By Allon Lee
THE number of government school students in the West who make it into university is falling, a new report has found.
Inadequate government funding in lower socioeconomic areas is forcing schools to encourage students towards vocational training once they complete their schooling, according to the report Unequal Access to University Places.
Coauthored by Daniel Edwards, Bob Birrell and T. Fred Smith at the Centre for Population and Urban Research at Monash University, the paper revealed the numbers of students applying for universities, TAFE and private colleges between 1993 and 2003.
The survey found that in 2003 only one in four of the 855 Year 12 students in Brimbank who applied for university courses were offered places.

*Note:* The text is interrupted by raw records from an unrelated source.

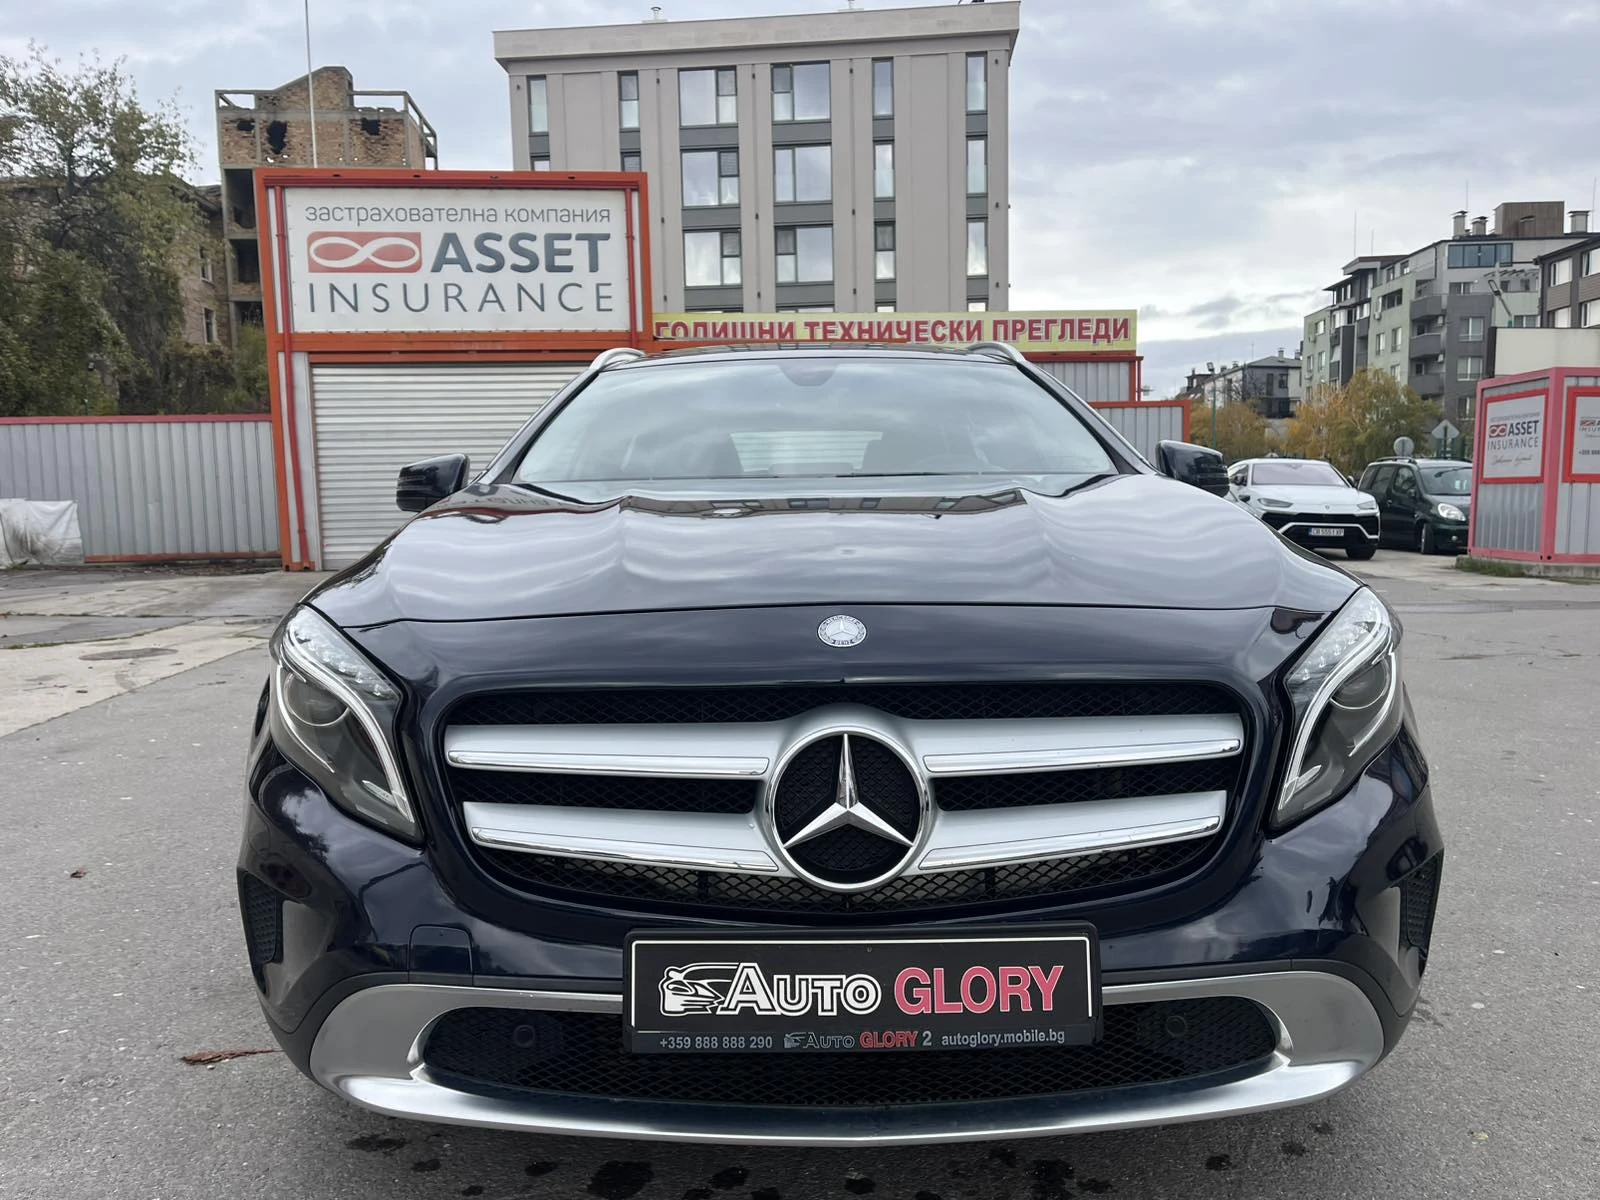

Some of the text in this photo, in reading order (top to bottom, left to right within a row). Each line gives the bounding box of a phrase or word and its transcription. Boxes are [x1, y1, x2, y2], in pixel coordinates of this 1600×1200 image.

[305, 205, 611, 226] застрахователна компания
[430, 232, 611, 273] ASSET
[309, 282, 613, 313] INSURANCE
[804, 319, 984, 342] ТЕХНИЧЕСКИ
[992, 317, 1130, 343] ПРЕГЛЕДИ
[1508, 420, 1539, 437] ASSET
[1488, 437, 1539, 450] INSURANCE
[894, 965, 1065, 1015] GLORY
[660, 1037, 691, 1049] +359
[695, 1037, 719, 1049] 888
[722, 1036, 746, 1049] 888
[749, 1036, 773, 1048] 290
[859, 1031, 918, 1049] GLORY
[922, 1033, 932, 1047] 2
[941, 1029, 1066, 1046] autoglory.mobile.bg

The average VCE mark for Year 12 students in Brimbank was 43.75.
Figures for Melton students reflected a similar lack of opportunity, with only 26 per cent of students offered university placements.
By comparison, 94.5 per cent of 328 year 12 students in the innereast City of Stonnington who applied for a university place were offered a spot.

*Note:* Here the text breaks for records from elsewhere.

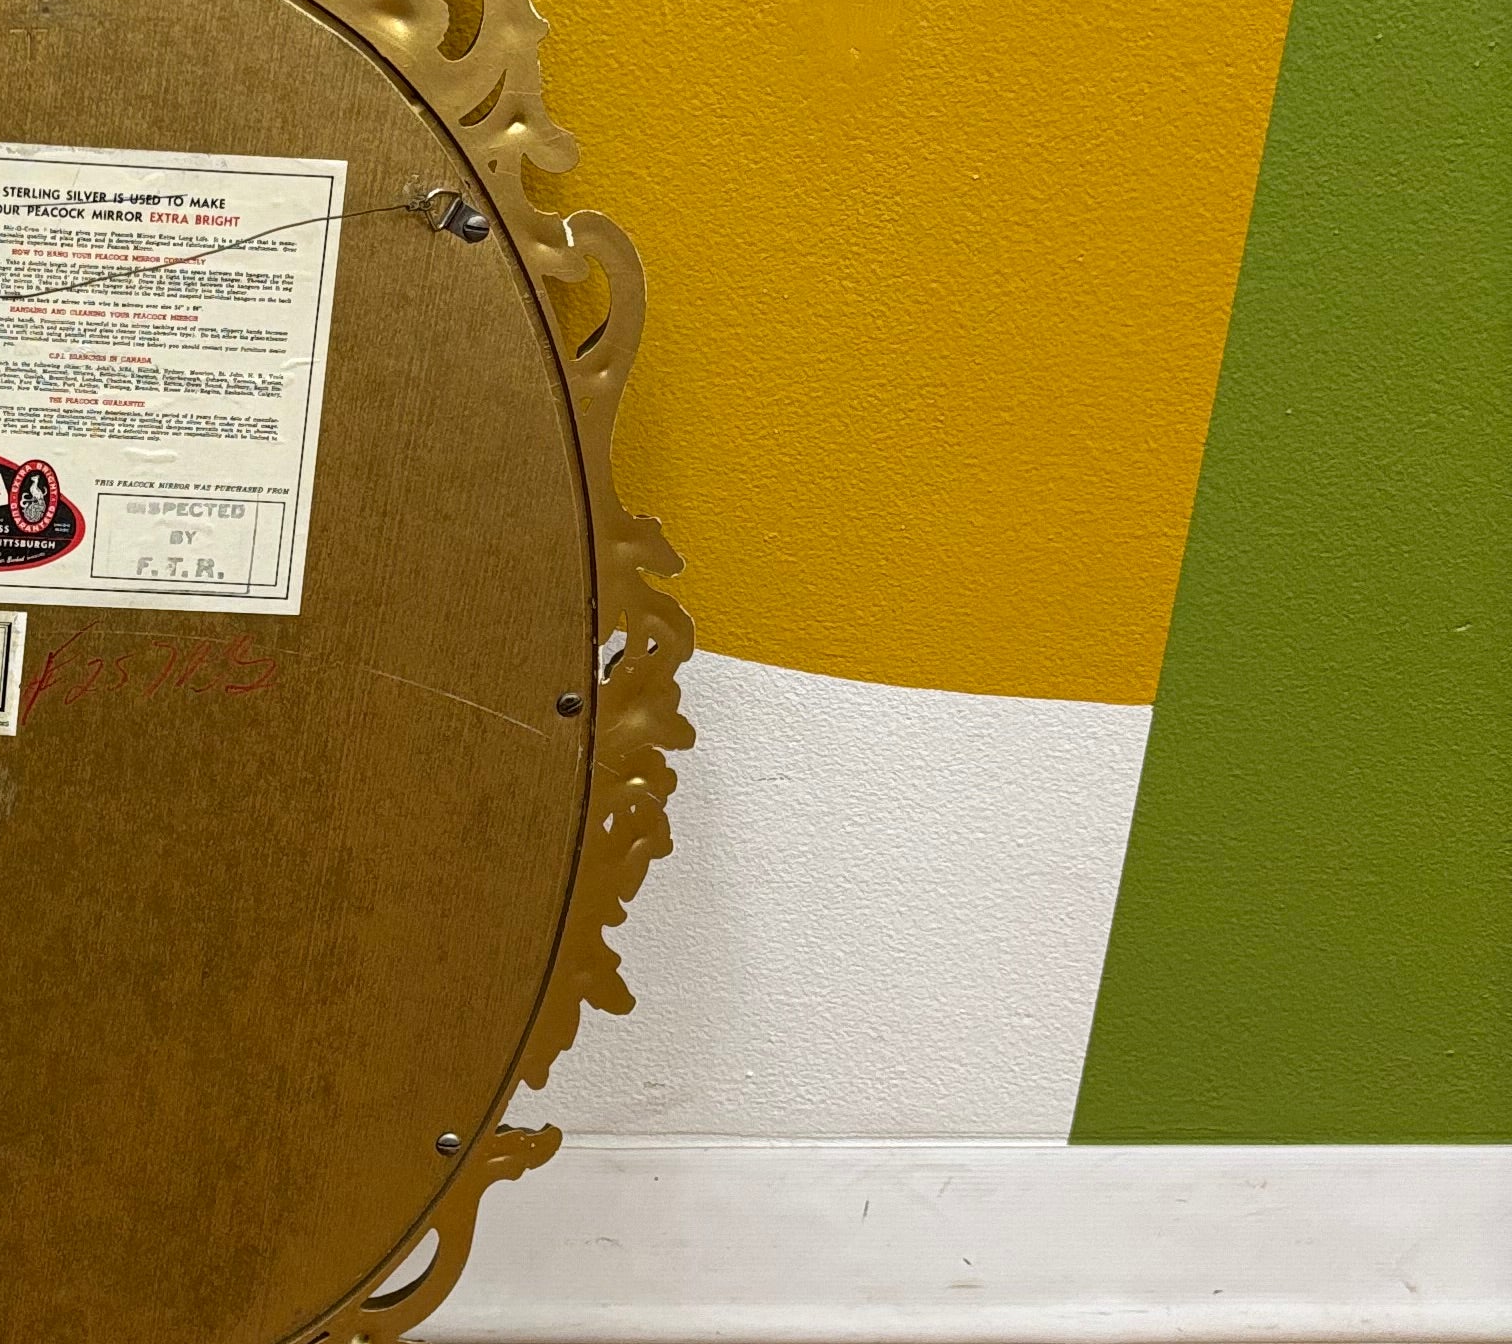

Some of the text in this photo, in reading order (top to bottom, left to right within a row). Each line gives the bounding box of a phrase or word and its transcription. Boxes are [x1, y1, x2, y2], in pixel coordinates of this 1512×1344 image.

[3, 187, 226, 209] STERLING SILVER IS USED TO MAKE
[27, 205, 85, 219] PEACOCK
[92, 209, 143, 222] MIRROR
[150, 212, 189, 224] EXTRA
[195, 214, 240, 227] BRIGHT
[33, 249, 44, 257] TO
[12, 462, 59, 494] EXTRA BRIGHT
[95, 479, 114, 487] THIS
[117, 480, 155, 488] PEACOCK
[158, 482, 190, 490] MIRROR
[214, 485, 264, 493] PURCHASED
[267, 487, 290, 495] FROM
[10, 502, 57, 533] GUARANTEED
[170, 530, 197, 545] BY

The Stonnington students had an average mark of 93.88.
“The schools in the West are serving socioeconomically disadvantaged families,” Mr Edwards told Star.
“As numerous studies have shown, students from such backgrounds do struggle academically to compete,” he said.
Over the past five years the ability of western suburbs schools to compete for university positions has declined at the same time as the number of university offers has dropped and the number of applicants has increased, the report found.
“Competition has become more fierce and it’s the kids who are on the margins and at the bottom who are missing out,” Mr Edwards said.
The decline in funding of government schools was a major cause of the decline in university enrolment offers, he said.
“In general it’s the government school kids who are missing out. and socioeconomically deprived and educationally disadvantaged.
“The West and outer suburbs are copping the brunt of the decline,” Mr Edwards said.
He said schools had responded to the competition for university spots by focusing on a vocational curriculum rather than an academic one.
“There is a big cluster of schools in the West that have had a decrease in the propensity of students to be going to university and an increase in going to TAFE,” he said.
But TAFE students are not studying trades where skills shortages are currently being experienced, he said.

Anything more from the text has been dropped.